The new workstation is based around the Supermicro H11SSL motherboard and it can be confiugred with up to an AMD Epyc 7601 processor with 32 cores and 64 threads clocked at 2.2 GHz base and 3.2 GHz boost with 64MB L3 cache and 128 lanes of PCI-E. The processor which is cooled by a closed loop liquid cooler with 240mm radiator can be paired with up to 512GB DDR4-2666 ECC RDIMMs or 256GB ECC LRDIMMs for main memory and up to a 2TB Samsung 960 Pro SSD (or two Crucial MX550s) and two 8TB mechanical hard drives for storage. The Supermicro board has sixteen SATA ports as well as multiple PCI-E x16 and x8 slots so users can add plenty of additional storage and I/O expansion. Further, users can configure the system with a NVIDIA Quadro GP100 graphics accelerator as well as up to two Radeon Pro SSG Vega 10 cards (there are also NVIDIA GTX, Titan, and Quadro or AMD Vega, WX Pro, and SSG options) for GPGPU tasks. The two Radeon Pro SSG cards have 4096 stream processors, 16GB of HBM2, and 2TB of solid state storage each and are rated at 12.3 TFLOPS of single precision and 769 GFLOPS of double precision performance.
Needless to say, you can configure an extremely capable workstation thanks to AMD's Epyc that can handle both CPU and GPU efficient tasks with plenty of I/O lanes for storage and expansion.

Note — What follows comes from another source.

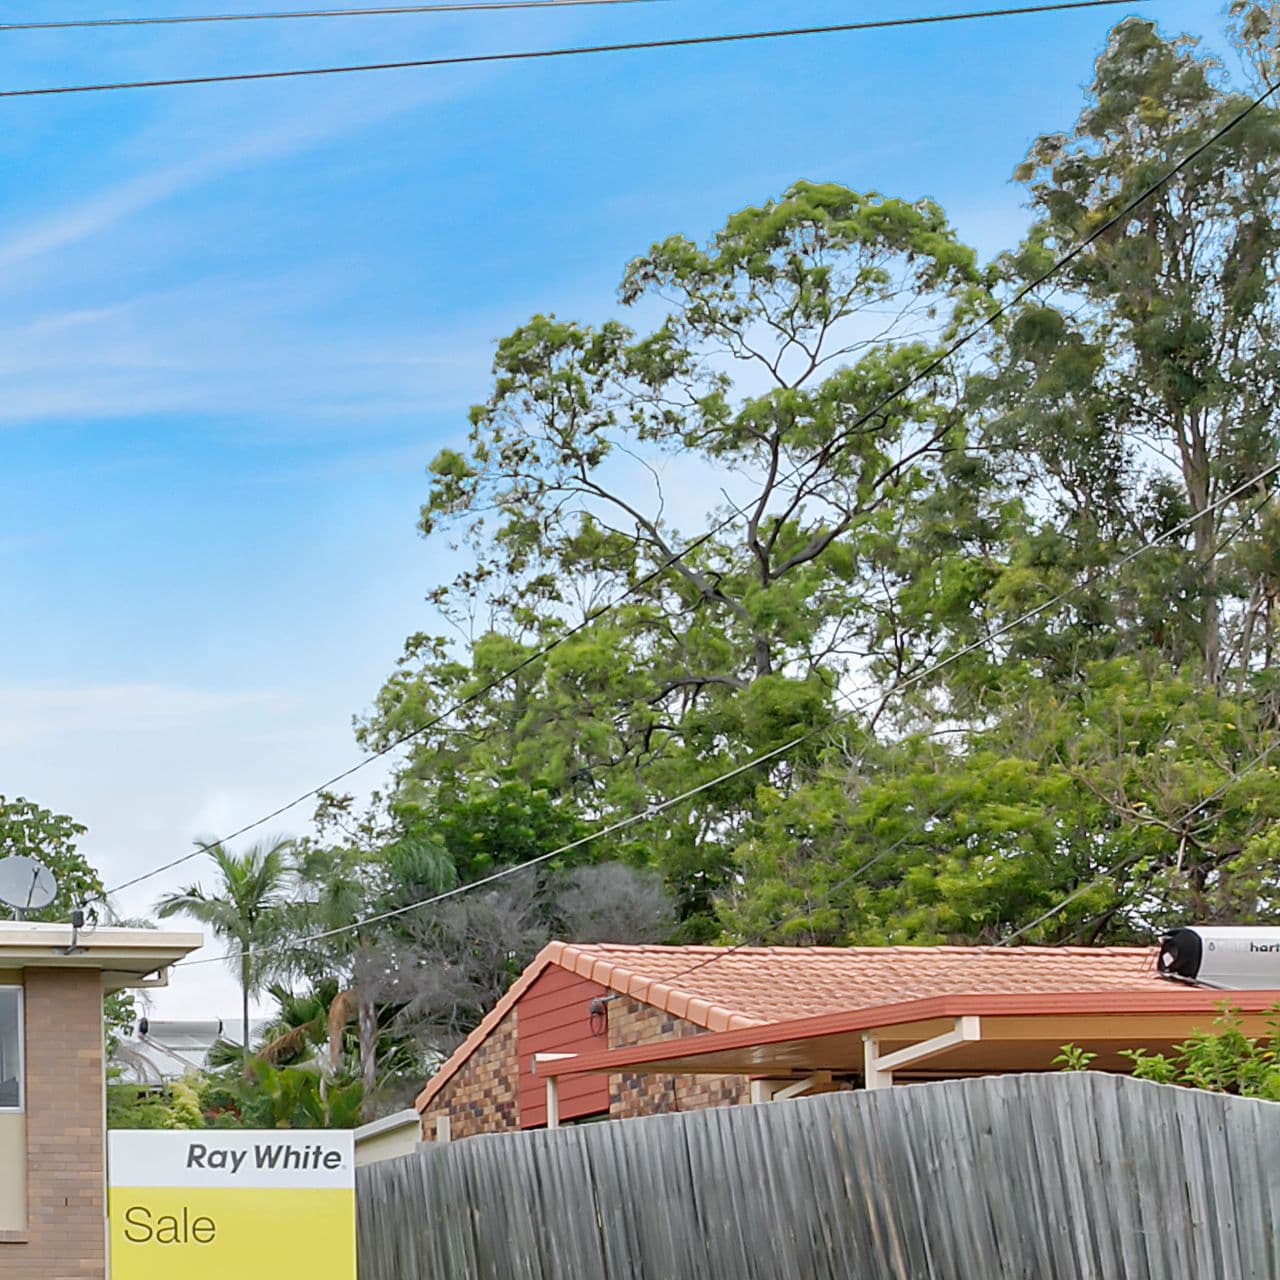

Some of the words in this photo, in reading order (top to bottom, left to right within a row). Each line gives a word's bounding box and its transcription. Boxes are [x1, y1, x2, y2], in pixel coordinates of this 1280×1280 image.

[186, 1143, 248, 1174] Ray
[254, 1144, 342, 1170] White
[123, 1206, 216, 1244] Sale

Velocity Micro claims that the HD150 workstation is aimed at simulation, rendering, 8K video editing, and machine learning workloads. The systems can be configured on their website or customized by ordering over the phone and start at $3,299 with a default one year warranty and lifetime US-based support. The workstations are built and tested in Richmond, Virginia. As far as pricing, this, ahem, Epyc system is squarely an enterprise affair with fully loaded configurations passing $33,000 easily.
It is promising to see AMD's server processor getting design wins in this market space.